**Problem to work on:** Find "this 2576×1449 image." in the data below; transcribe the line it appears on and each line after it, exactly, to the end, and nothing else.

╭─ Data shown

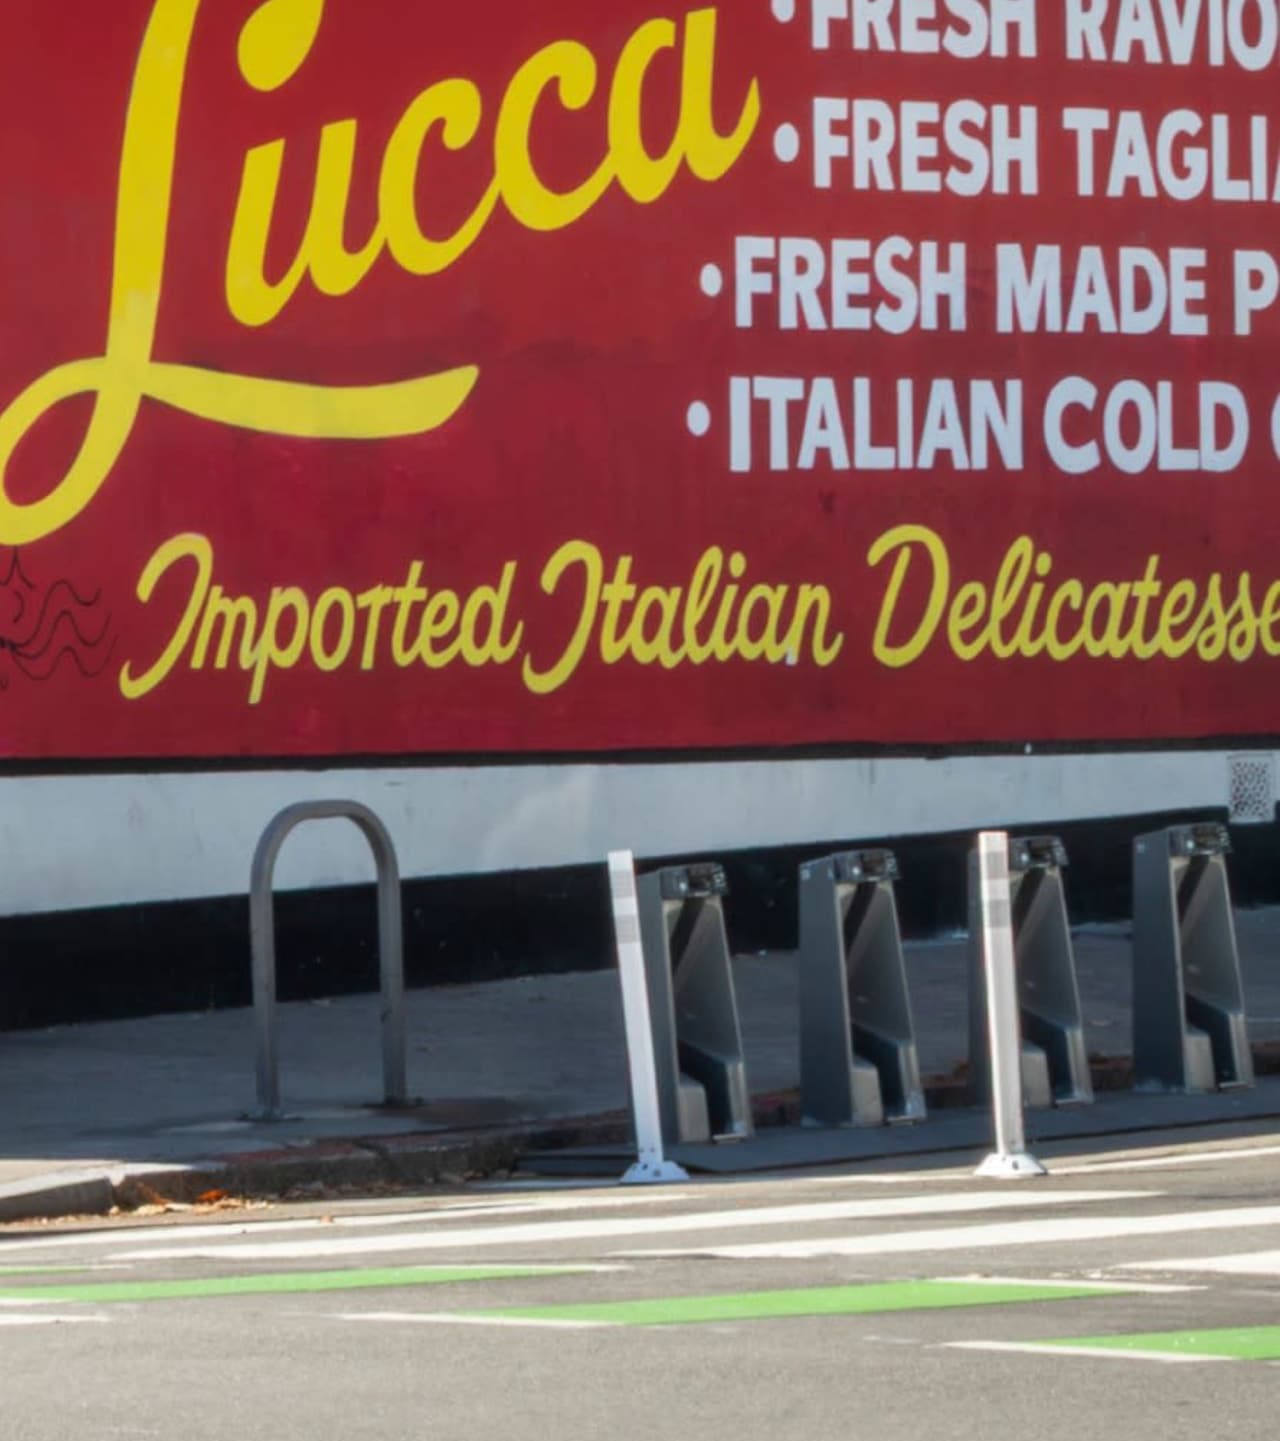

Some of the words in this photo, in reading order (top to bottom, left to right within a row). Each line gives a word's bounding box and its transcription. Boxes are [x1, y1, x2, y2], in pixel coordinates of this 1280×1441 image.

[812, 97, 1039, 197] FRESH
[1063, 105, 1280, 203] TAGLI
[735, 235, 966, 331] FRESH
[996, 243, 1208, 336] MADE
[1234, 249, 1280, 336] P
[730, 376, 1024, 472] ITALIAN
[1044, 375, 1248, 475] COLD
[120, 533, 525, 705] Imported
[521, 538, 844, 696] Italian
[867, 524, 1280, 668] Delicatesse
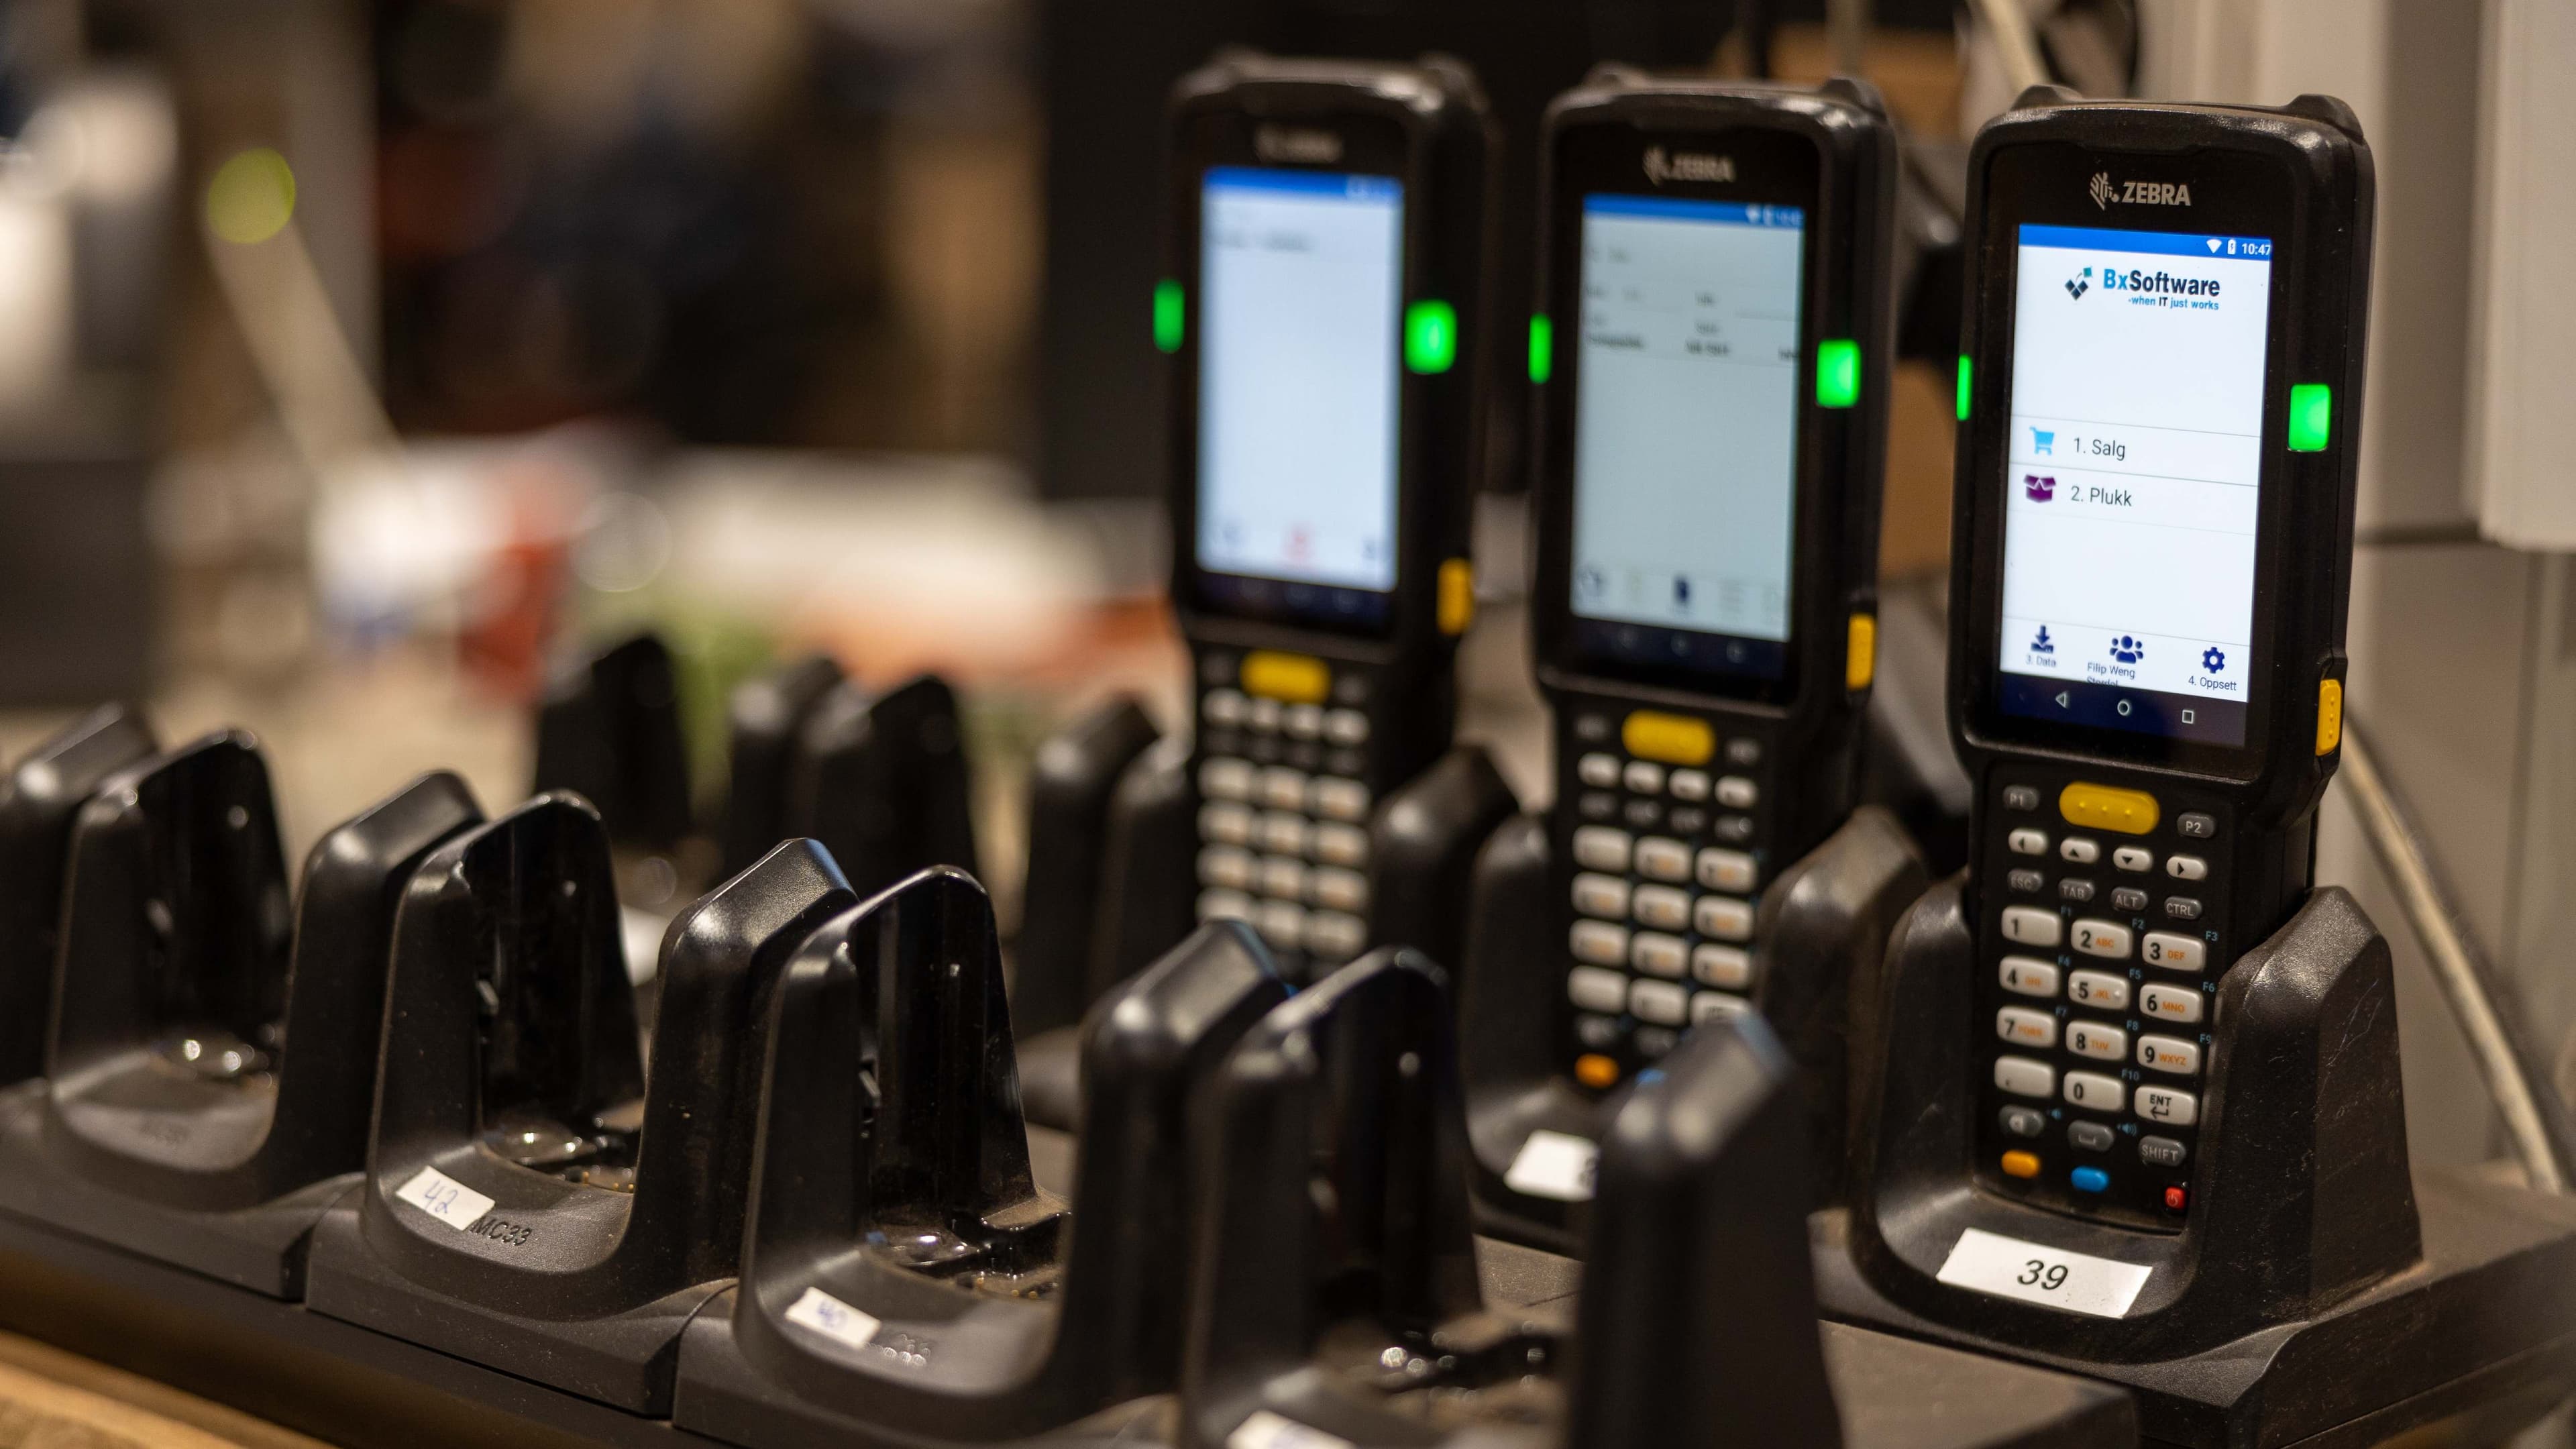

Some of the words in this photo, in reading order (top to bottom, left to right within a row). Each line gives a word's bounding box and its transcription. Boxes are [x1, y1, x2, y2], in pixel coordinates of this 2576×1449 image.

[2121, 181, 2191, 207] ZEBRA
[2242, 242, 2271, 256] 10:47
[2103, 268, 2220, 297] BxSoftware
[2158, 297, 2168, 307] IT
[2170, 298, 2188, 309] just
[2190, 300, 2219, 311] works
[2074, 437, 2086, 454] 1.
[2092, 439, 2126, 462] Salg
[2071, 485, 2084, 502] 2.
[2089, 488, 2133, 508] Plukk
[2035, 655, 2057, 668] Data
[2087, 661, 2107, 676] Filip
[2109, 664, 2136, 680] Weng
[2188, 676, 2198, 686] 4.
[2200, 677, 2237, 692] Oppsett
[2186, 821, 2202, 834] P2
[2062, 885, 2085, 898] TAB
[2115, 894, 2139, 908] ALT
[2166, 903, 2194, 917] CTRL
[2011, 918, 2019, 936] 1
[2132, 918, 2145, 930] F2
[2080, 930, 2092, 949] 2
[2205, 930, 2218, 941] F3
[2149, 942, 2161, 960] 3
[2167, 950, 2186, 960] DEF
[2007, 969, 2017, 985] 4
[2129, 968, 2141, 980] F5
[2078, 981, 2089, 1000] 5
[2202, 981, 2214, 993] F6
[2147, 994, 2158, 1012] 6
[2162, 1001, 2186, 1013] MNO
[2004, 1017, 2015, 1036] 7
[2126, 1020, 2139, 1031] F8
[2076, 1032, 2086, 1051] 8
[2091, 1039, 2110, 1051] TUV
[2200, 1034, 2212, 1044] F9
[2144, 1046, 2155, 1064] 9
[2159, 1054, 2187, 1067] WXYZ
[2121, 1069, 2140, 1081] F10
[2074, 1082, 2084, 1100] 0
[2149, 1093, 2172, 1107] ENT
[2141, 1144, 2180, 1162] SHIFT
[424, 1180, 459, 1215] 42
[470, 1216, 533, 1246] MC33
[2017, 1259, 2069, 1291] 39

╰─

**Response to this exercise:**
Some of the words in this photo, in reading order (top to bottom, left to right within a row). Each line gives a word's bounding box and its transcription. Boxes are [x1, y1, x2, y2], in pixel coordinates of this 2576×1449 image.

[2121, 181, 2191, 207] ZEBRA
[2242, 242, 2271, 256] 10:47
[2103, 268, 2220, 297] BxSoftware
[2158, 297, 2168, 307] IT
[2170, 298, 2188, 309] just
[2190, 300, 2219, 311] works
[2074, 437, 2086, 454] 1.
[2092, 439, 2126, 462] Salg
[2071, 485, 2084, 502] 2.
[2089, 488, 2133, 508] Plukk
[2035, 655, 2057, 668] Data
[2087, 661, 2107, 676] Filip
[2109, 664, 2136, 680] Weng
[2188, 676, 2198, 686] 4.
[2200, 677, 2237, 692] Oppsett
[2186, 821, 2202, 834] P2
[2062, 885, 2085, 898] TAB
[2115, 894, 2139, 908] ALT
[2166, 903, 2194, 917] CTRL
[2011, 918, 2019, 936] 1
[2132, 918, 2145, 930] F2
[2080, 930, 2092, 949] 2
[2205, 930, 2218, 941] F3
[2149, 942, 2161, 960] 3
[2167, 950, 2186, 960] DEF
[2007, 969, 2017, 985] 4
[2129, 968, 2141, 980] F5
[2078, 981, 2089, 1000] 5
[2202, 981, 2214, 993] F6
[2147, 994, 2158, 1012] 6
[2162, 1001, 2186, 1013] MNO
[2004, 1017, 2015, 1036] 7
[2126, 1020, 2139, 1031] F8
[2076, 1032, 2086, 1051] 8
[2091, 1039, 2110, 1051] TUV
[2200, 1034, 2212, 1044] F9
[2144, 1046, 2155, 1064] 9
[2159, 1054, 2187, 1067] WXYZ
[2121, 1069, 2140, 1081] F10
[2074, 1082, 2084, 1100] 0
[2149, 1093, 2172, 1107] ENT
[2141, 1144, 2180, 1162] SHIFT
[424, 1180, 459, 1215] 42
[470, 1216, 533, 1246] MC33
[2017, 1259, 2069, 1291] 39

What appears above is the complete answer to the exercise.